OPENAI_API_KEY = getpass()
     ········
import os

os.environ["OPENAI_API_KEY"] = OPENAI_API_KEY
from langchain.chat_models import ChatOpenAI
from langchain.chains import ConversationalRetrievalChain

model = ChatOpenAI(model_name="gpt-3.5-turbo") # 切换到 'gpt-4'
qa = ConversationalRetrievalChain.from_llm(model, retriever=retriever)
questions = [
"What are Heat-bath random walks with Markov base?",
"What is the ImageBind model?",
"How does Compositional Reasoning with Large Language Models works?",
]
chat_history = []

for question in questions:
result = qa({"question": question, "chat_history": chat_history})
chat_history.append((question, result["answer"]))
print(f"-> **Question**: {question} \n")
print(f"**Answer**: {result['answer']} \n")
    -> **Question**: What are Heat-bath random walks with Markov base? 

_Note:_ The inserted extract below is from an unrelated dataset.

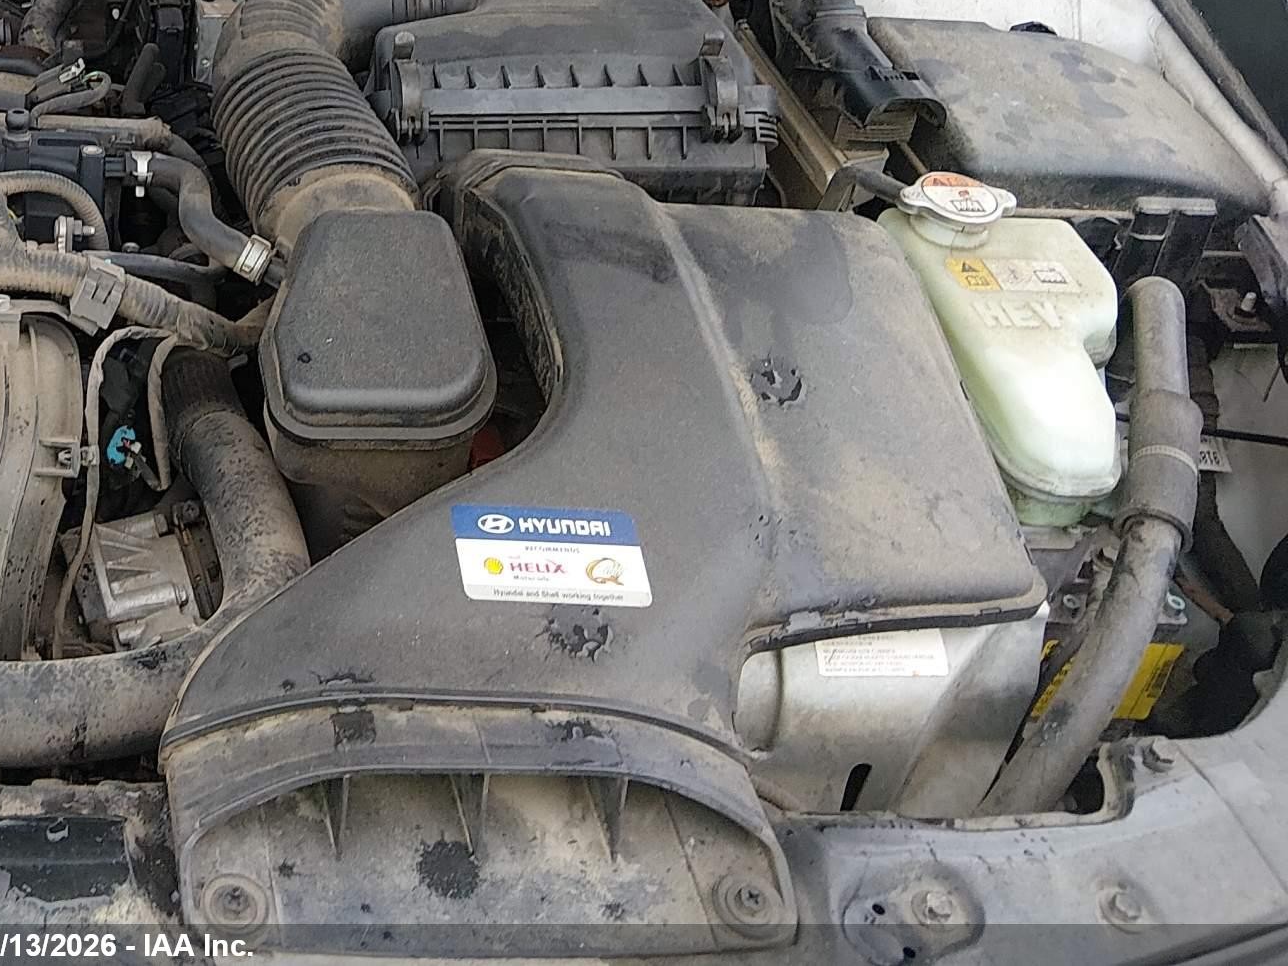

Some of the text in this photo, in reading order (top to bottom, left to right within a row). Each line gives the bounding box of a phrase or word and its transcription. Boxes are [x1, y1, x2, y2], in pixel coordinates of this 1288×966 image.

**Answer**: I'm not sure, as I don't have enough context to provide a definitive answer. The term "Heat-bath random walks with Markov base" is not mentioned in the given text. Could you provide more information or context about where you encountered this term?

-> **Question**: What is the ImageBind model?

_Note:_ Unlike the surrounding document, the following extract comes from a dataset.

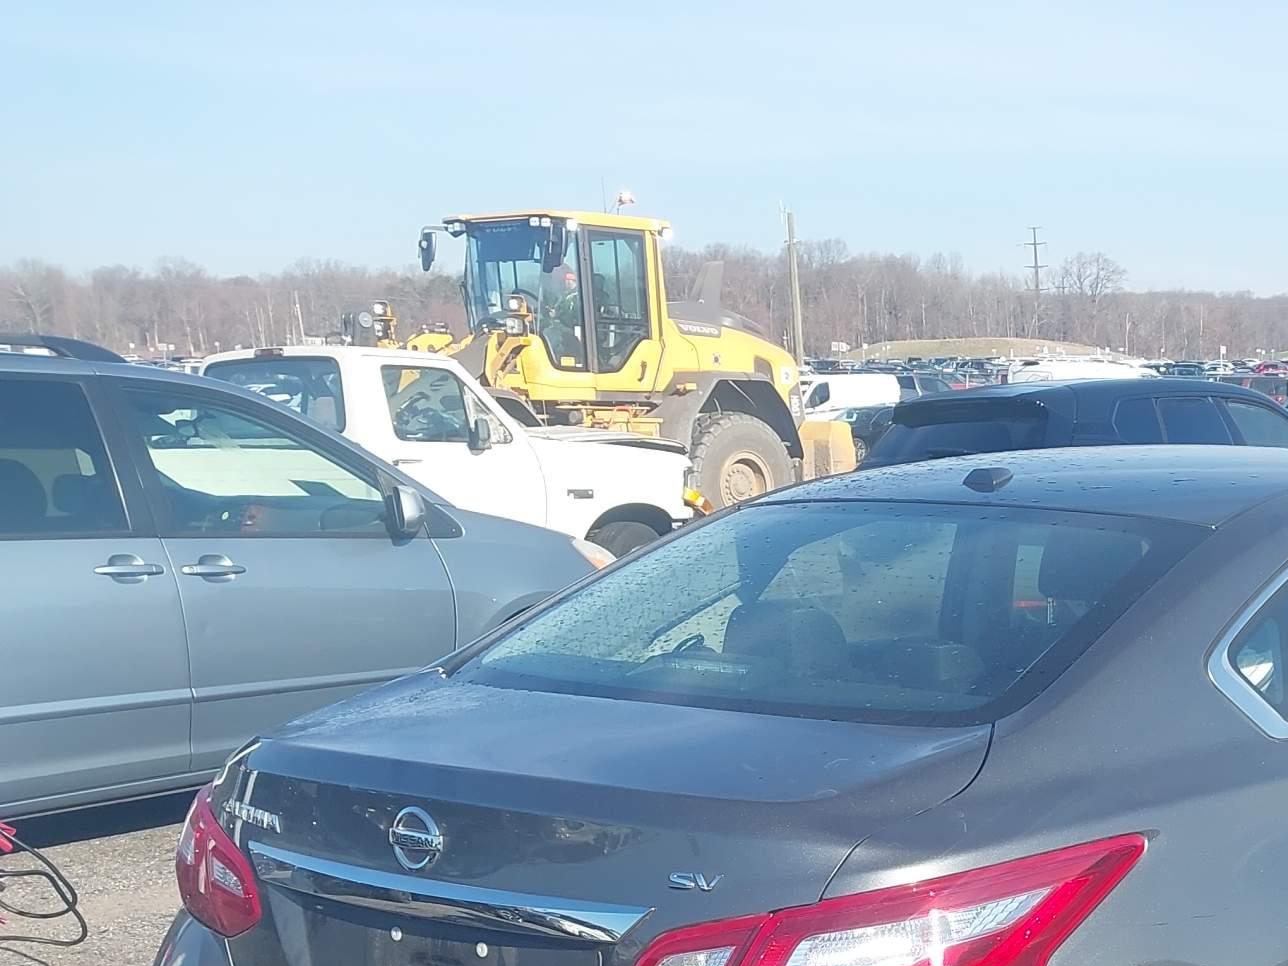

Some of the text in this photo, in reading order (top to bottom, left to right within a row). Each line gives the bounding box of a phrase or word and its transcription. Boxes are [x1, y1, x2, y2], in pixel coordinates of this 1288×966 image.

[678, 323, 719, 335] VOLVO
[390, 829, 438, 850] NISSAN
[668, 873, 725, 890] SV

**Answer**: ImageBind is an approach developed by Facebook AI Research to learn a joint embedding across six different modalities, including images, text, audio, depth, thermal, and IMU data. The approach uses the binding property of images to align each modality's embedding to image embeddings and achieve an emergent alignment across all modalities. This enables novel multimodal capabilities, including cross-modal retrieval, embedding-space arithmetic, and audio-to-image generation, among others. The approach sets a new state-of-the-art on emergent zero-shot recognition tasks across modalities, outperforming specialist supervised models. Additionally, it shows strong few-shot recognition results and serves as a new way to evaluate vision models for visual and non-visual tasks.

-> **Question**: How does Compositional Reasoning with Large Language Models works?

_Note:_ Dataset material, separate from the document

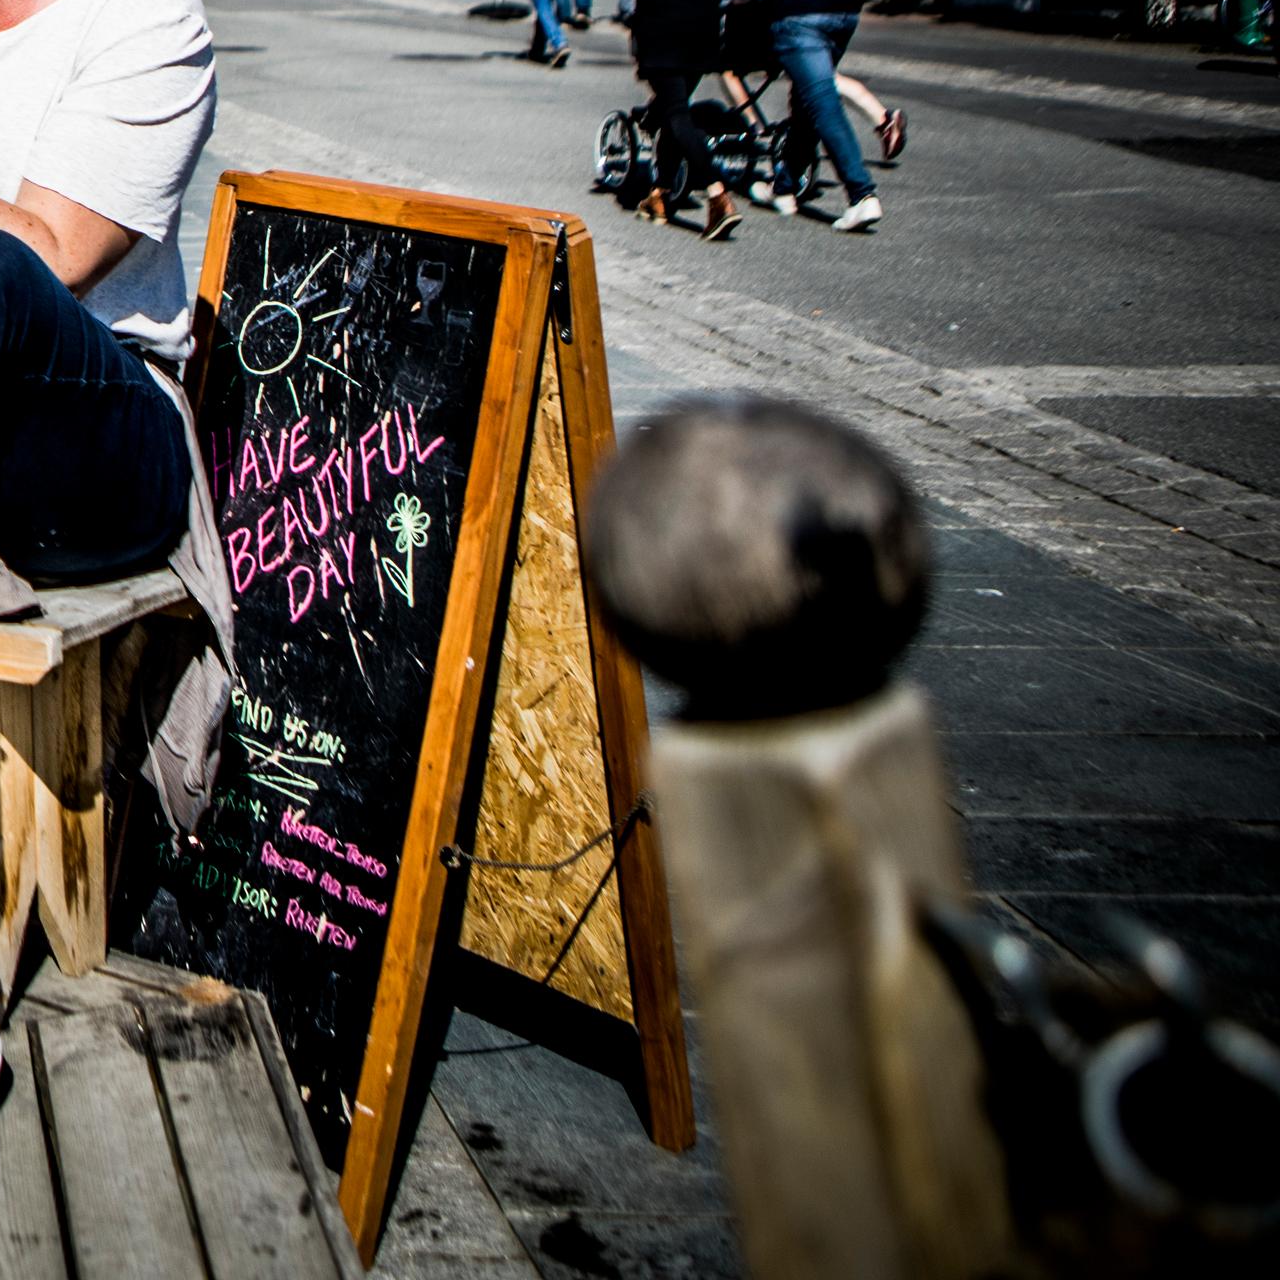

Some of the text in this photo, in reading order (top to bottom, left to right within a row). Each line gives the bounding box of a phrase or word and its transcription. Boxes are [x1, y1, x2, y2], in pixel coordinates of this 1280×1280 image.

[211, 415, 317, 500] HAVE
[227, 402, 446, 593] BEAUTYFUL
[285, 531, 356, 624] DAY

**Answer**: Compositional reasoning with large language models refers to the ability of these models to correctly identify and represent complex concepts by breaking them down into smaller, more basic parts and combining them in a structured way. This involves understanding the syntax and semantics of language and using that understanding to build up more complex meanings from simpler ones.

In the context of the paper "Does CLIP Bind Concepts? Probing Compositionality in Large Image Models", the authors focus specifically on the ability of a large pretrained vision and language model (CLIP) to encode compositional concepts and to bind variables in a structure-sensitive way. They examine CLIP's ability to compose concepts in a single-object setting, as well as in situations where concept binding is needed.

The authors situate their work within the tradition of research on compositional distributional semantics models (CDSMs), which seek to bridge the gap between distributional models and formal semantics by building architectures which operate over vectors yet still obey traditional theories of linguistic composition. They compare the performance of CLIP with several architectures from research on CDSMs to evaluate its ability to encode and reason about compositional concepts.

questions = [
"What are Heat-bath random walks with Markov base? Include references to answer.",
]
chat_history = []

for question in questions:
result = qa({"question": question, "chat_history": chat_history})
chat_history.append((question, result["answer"]))
print(f"-> **Question**: {question} \n")
print(f"**Answer**: {result['answer']} \n")
    -> **Question**: What are Heat-bath random walks with Markov base? Include references to answer. 

**Answer**: Heat-bath random walks with Markov base (HB-MB) 是一类随机过程,已在统计力学和凝聚态物理领域进行了研究。在这些过程中,粒子通过转移到相邻的位置来在晶格中移动,转移的选择根据粒子的能量和周围环境的能量的概率分布进行。

HB-MB 过程是由 Bortz、Kalos 和 Lebowitz 在 1975 年引入的,用于模拟晶格中相互作用粒子的热平衡动力学。该方法已被用于研究各种物理现象,包括相变、临界行为和输运性质。

参考文献:

Bortz, A. B., Kalos, M. H., & Lebowitz, J. L. (1975). A new algorithm for Monte Carlo simulation of Ising spin systems. Journal of Computational Physics, 17(1), 10-18.

Binder, K., & Heermann, D. W. (2010). Monte Carlo simulation in statistical physics: an introduction. Springer Science & Business Media.